Amazon Web Services (AWS) is a cloud-based service used by healthcare providers and their vendors to store, process, and transmit protected health information (PHI). Under the Health Insurance Portability and Accountability Act (HIPAA), AWS is considered a business associate (BA). As a business associate, before a healthcare entity can use AWS they must first secure a business associate agreement (BAA). Additionally, whenever considering a vendor, healthcare entities must ensure that the vendor has the proper measures in place to secure PHI. When configured properly, AWS satisfies this requirement. Is AWS HIPAA compliant? Yes, with proper use.
AWS HIPAA Business Associate Agreement
Amazon has made adjustments to its offerings to add to its ease of use for healthcare clients. As such, Amazon will sign a business associate agreement. Within the agreement, Amazon supports HIPAA compliant administrative processes, security, and controls.
However, covered entities (CEs) and business associates are responsible for implementing proper access controls for AWS HIPAA compliance.
To Learn How to Configure Access Controls Properly, Amazon Has Provided This Guide
AWS HIPAA Compliant Access Controls
HIPAA compliance, when it comes to software or cloud services, is dependent on how it is used. To be considered HIPAA compliant, AWS must be used properly by all users within an organization. Administrators have the ability to grant access to data to other users. It is important that administrators pay close attention when granting access to users to ensure that they don’t give access to data to users that should not have access.

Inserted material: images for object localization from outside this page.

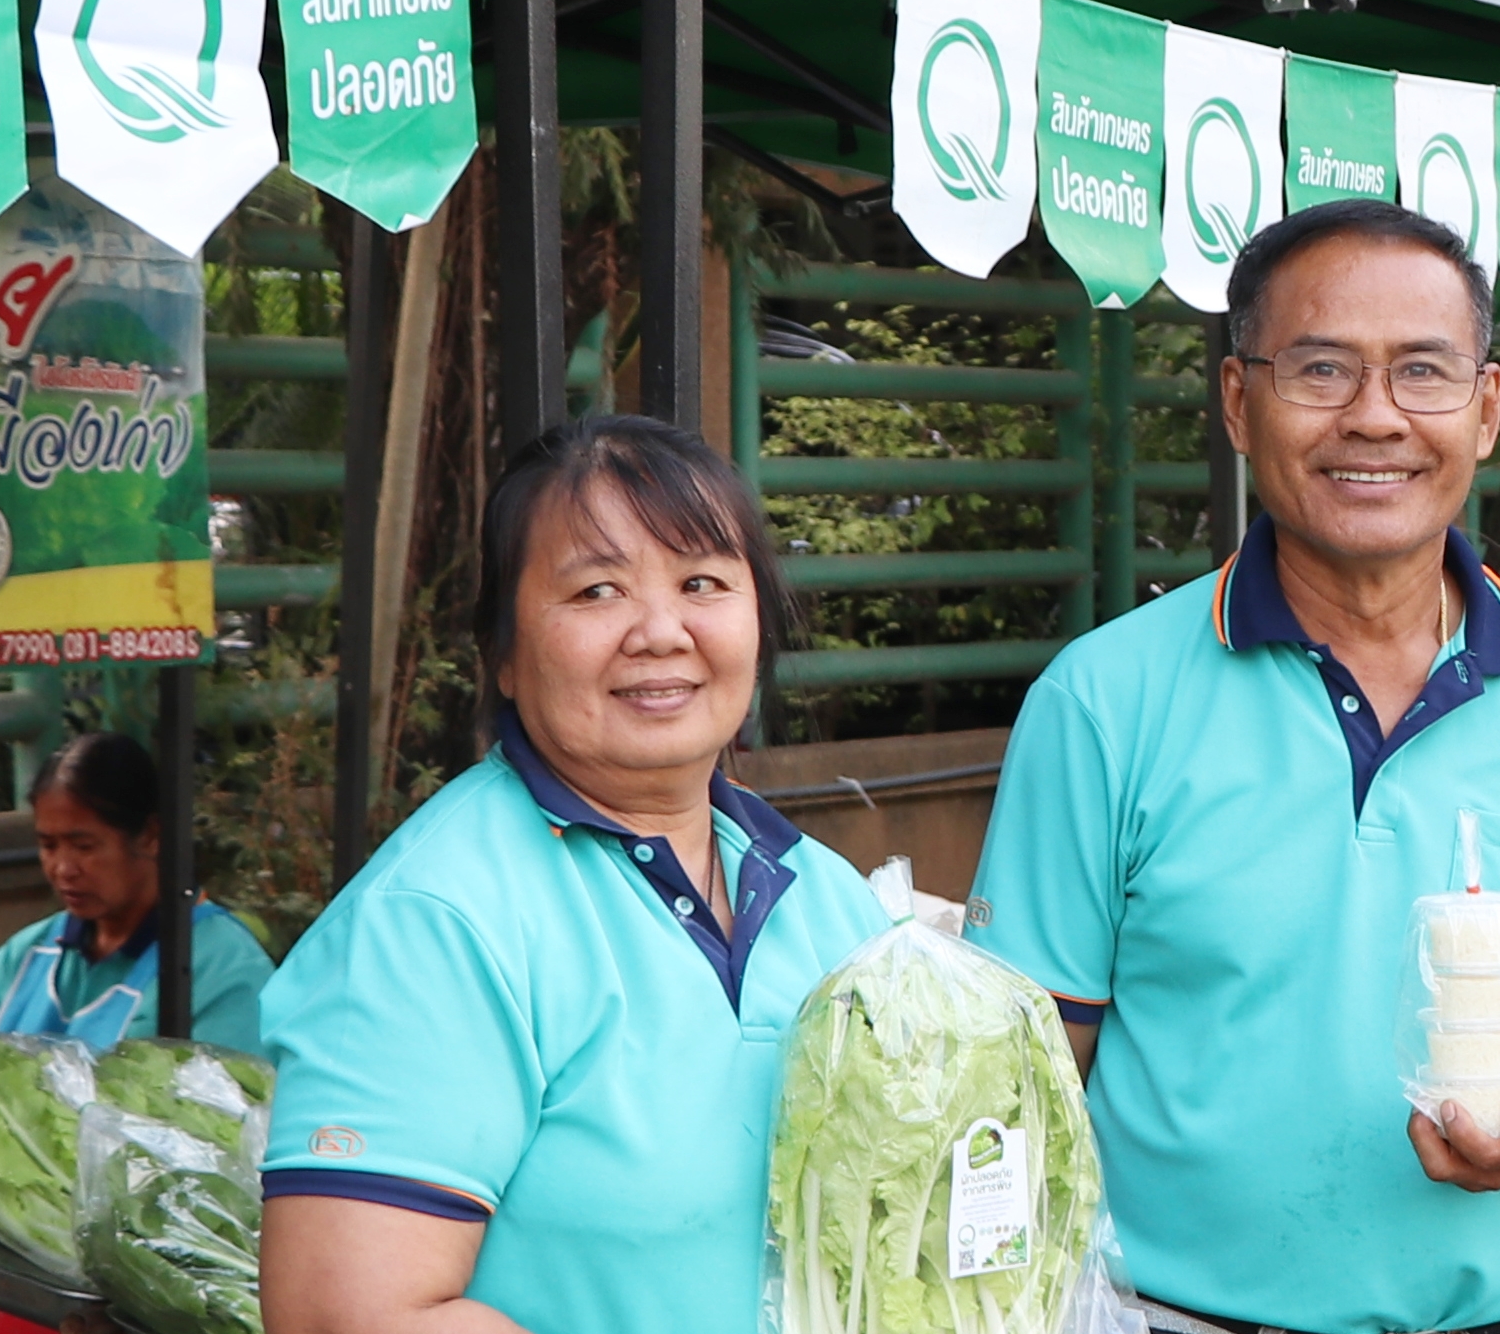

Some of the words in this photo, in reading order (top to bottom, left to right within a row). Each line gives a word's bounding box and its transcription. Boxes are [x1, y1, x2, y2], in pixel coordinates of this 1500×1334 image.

[310, 38, 455, 119] ปลอดภัย
[1051, 91, 1151, 154] สินค้าเกษตร
[1052, 155, 1148, 230] ปลอดภัย
[1298, 146, 1385, 195] สินค้าเกษตร
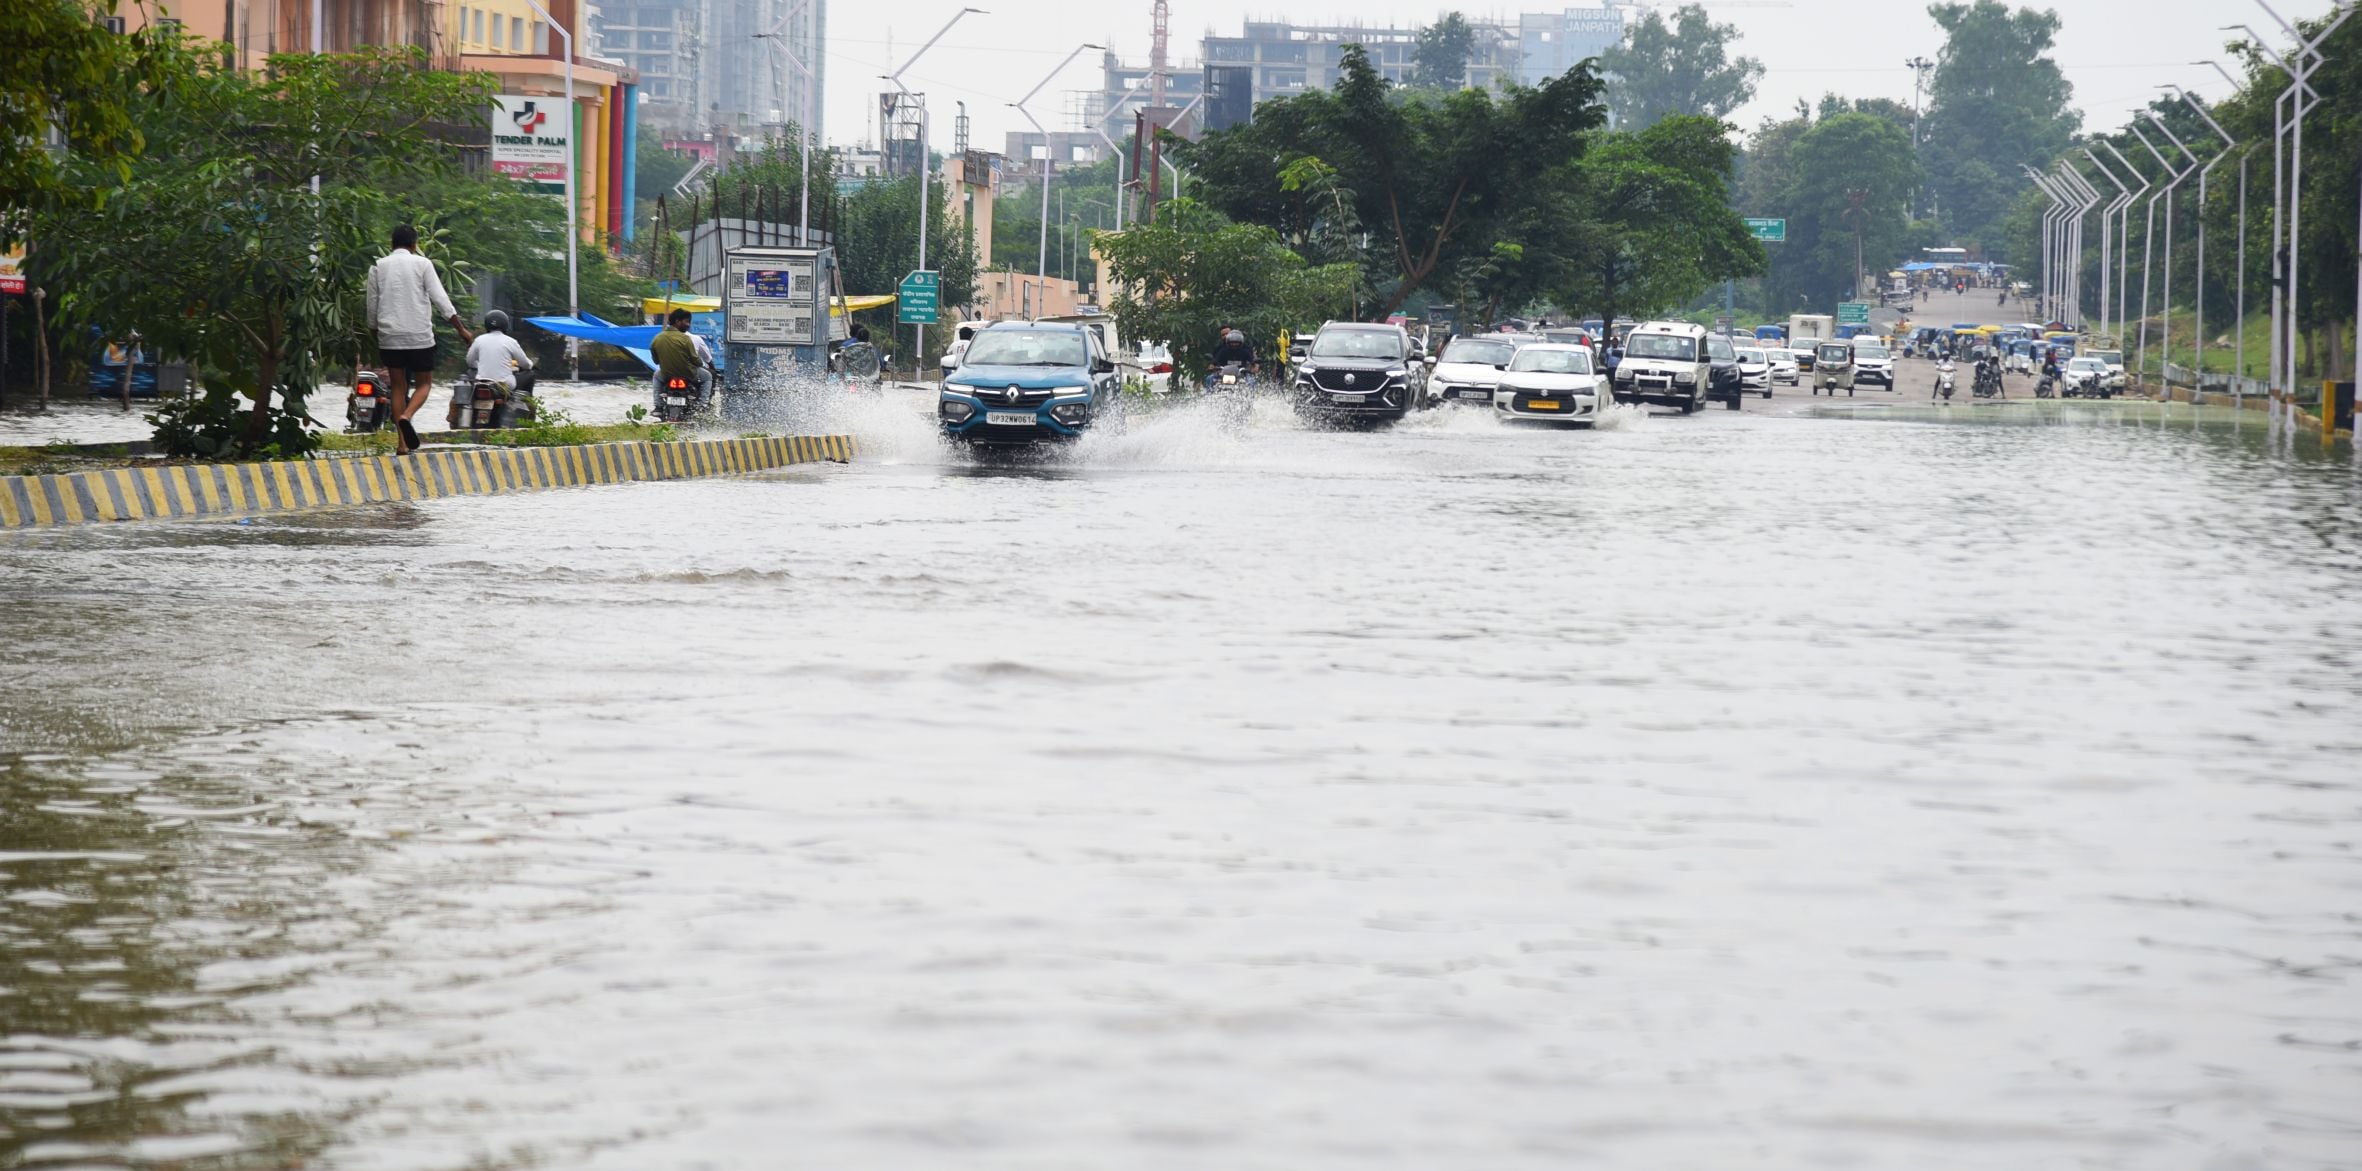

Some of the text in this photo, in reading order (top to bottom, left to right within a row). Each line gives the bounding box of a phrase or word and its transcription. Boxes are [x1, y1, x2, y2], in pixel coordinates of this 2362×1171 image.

[1566, 9, 1620, 20] MIGSUN
[1565, 21, 1620, 33] JANPATH
[494, 135, 567, 146] TENDER PALM

By design Amazon’s S3 bucket, for data sharing, storage, and analysis, allows for data to be accessed easily from anywhere with an internet connection. However, if an organization misconfigures user settings, they pose the risk of granting access to PHI to users that should not have access. In some cases, AWS can be misconfigured to allow public access to data. This would be considered a HIPAA violation, causing the healthcare entity to be subject to HIPAA fines.
AWS Misconfigurations are Common
The most common mistake administrators make is setting AWS access controls to grant access to ‘authenticated users.’ This poses a huge problem as enabling this setting will grant access to data to anyone that has an AWS account. As such, any organizations handling sensitive information should never enable access to ‘authenticated users.’
Since misconfiguration has become so common and has led to several data breaches of late, Amazon recently emailed users that had allowed public access to data, stating, “We’re writing to remind you that one or more of your Amazon S3 bucket access control lists (ACLs) are currently configured to allow access from any user on the internet. While there are reasons to configure buckets with world read access, including public websites or publicly downloadable content, recently, there have been public disclosures by third parties of S3 bucket contents that were inadvertently configured to allow world read access but were not intended to be publicly available.” With widespread misconfiguration, companies such as Kromtech have released free tools to check for unsecured AWS S3 data.
So is AWS HIPAA compliant? Yes, with a signed business associate agreement and proper configuration AWS is HIPAA compliant.